→ Exercise
Down to the last line, write out the entries below exactly and omit all pictures.

→ Task material
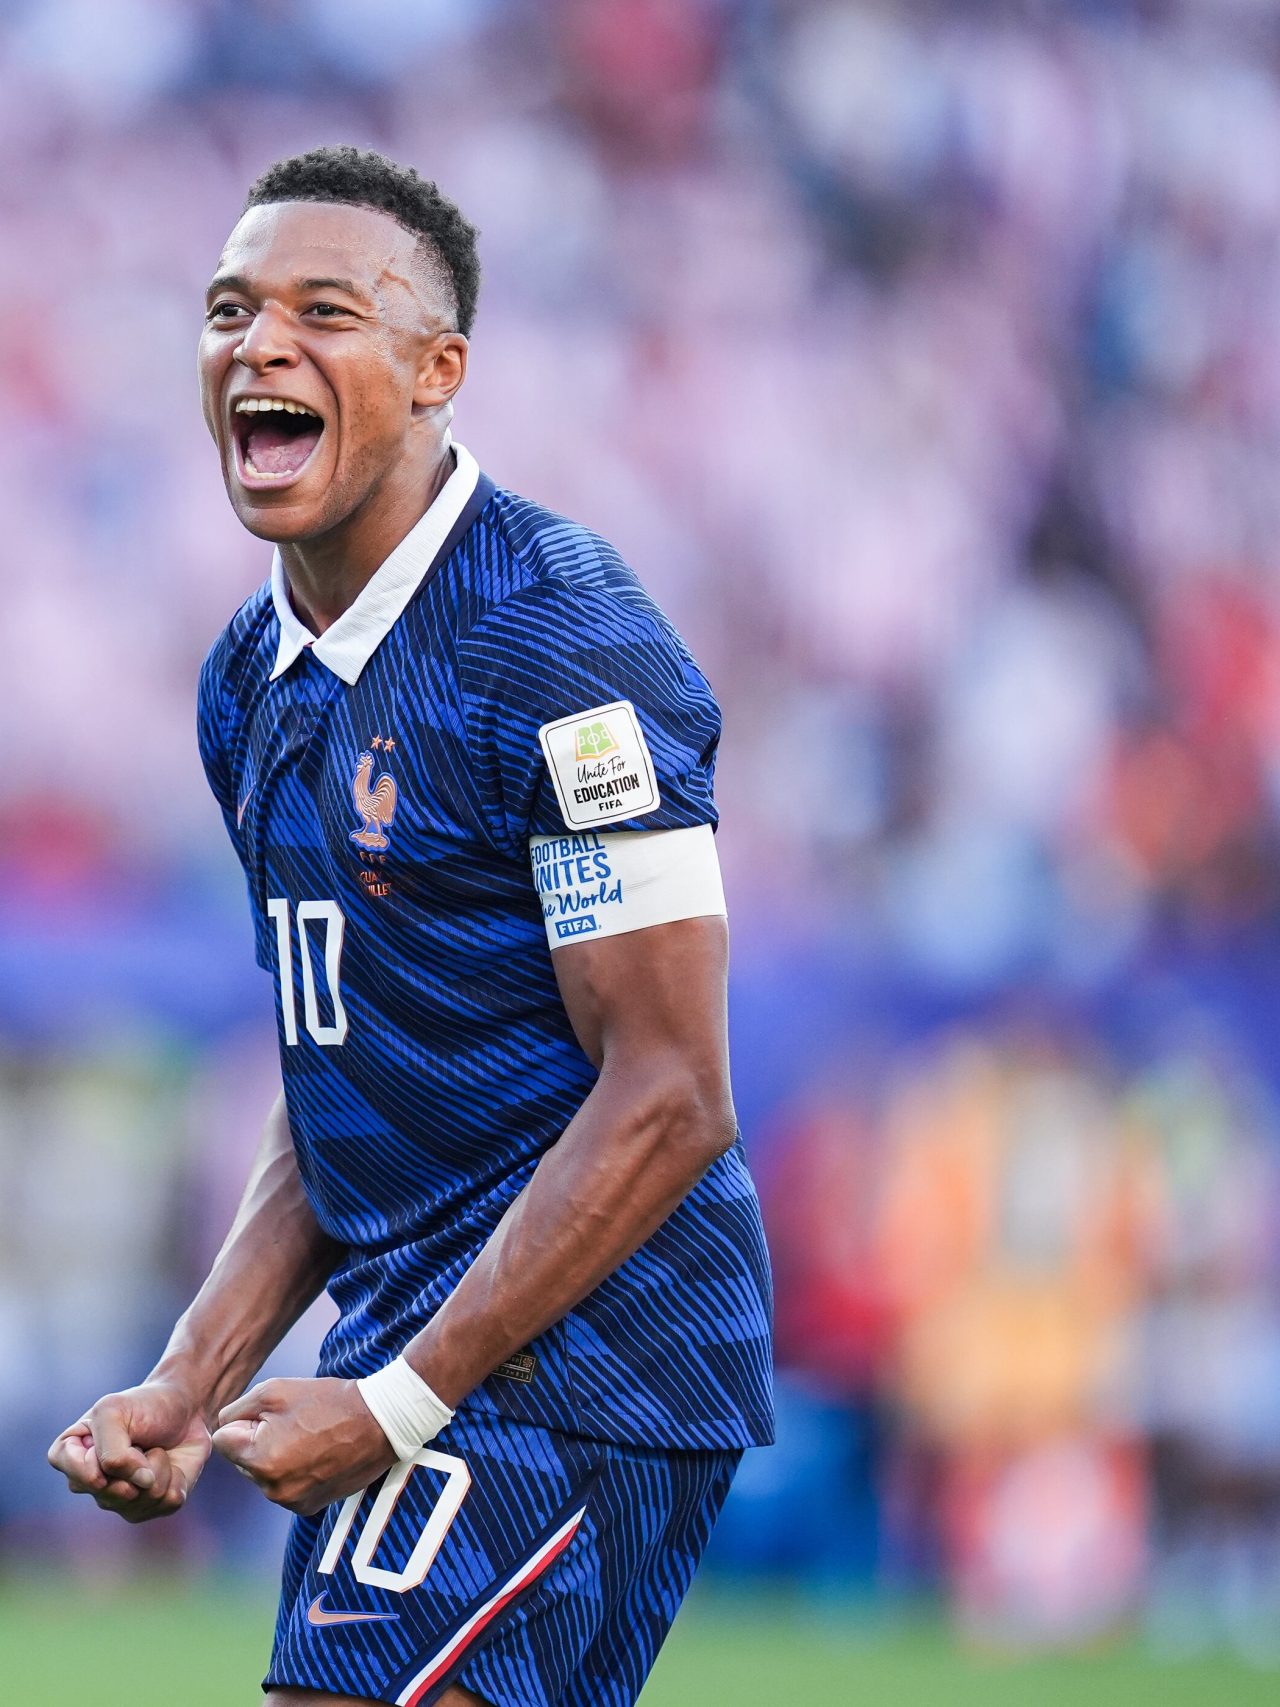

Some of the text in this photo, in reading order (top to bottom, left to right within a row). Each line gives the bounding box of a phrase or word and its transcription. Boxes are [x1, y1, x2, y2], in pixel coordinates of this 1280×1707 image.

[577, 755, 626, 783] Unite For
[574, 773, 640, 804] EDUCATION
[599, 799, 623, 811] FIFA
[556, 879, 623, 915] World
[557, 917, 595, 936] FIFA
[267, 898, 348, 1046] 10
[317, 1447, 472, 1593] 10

→ Answer box
Some of the text in this photo, in reading order (top to bottom, left to right within a row). Each line gives the bounding box of a phrase or word and its transcription. Boxes are [x1, y1, x2, y2], in pixel coordinates of this 1280×1707 image.

[577, 755, 626, 783] Unite For
[574, 773, 640, 804] EDUCATION
[599, 799, 623, 811] FIFA
[556, 879, 623, 915] World
[557, 917, 595, 936] FIFA
[267, 898, 348, 1046] 10
[317, 1447, 472, 1593] 10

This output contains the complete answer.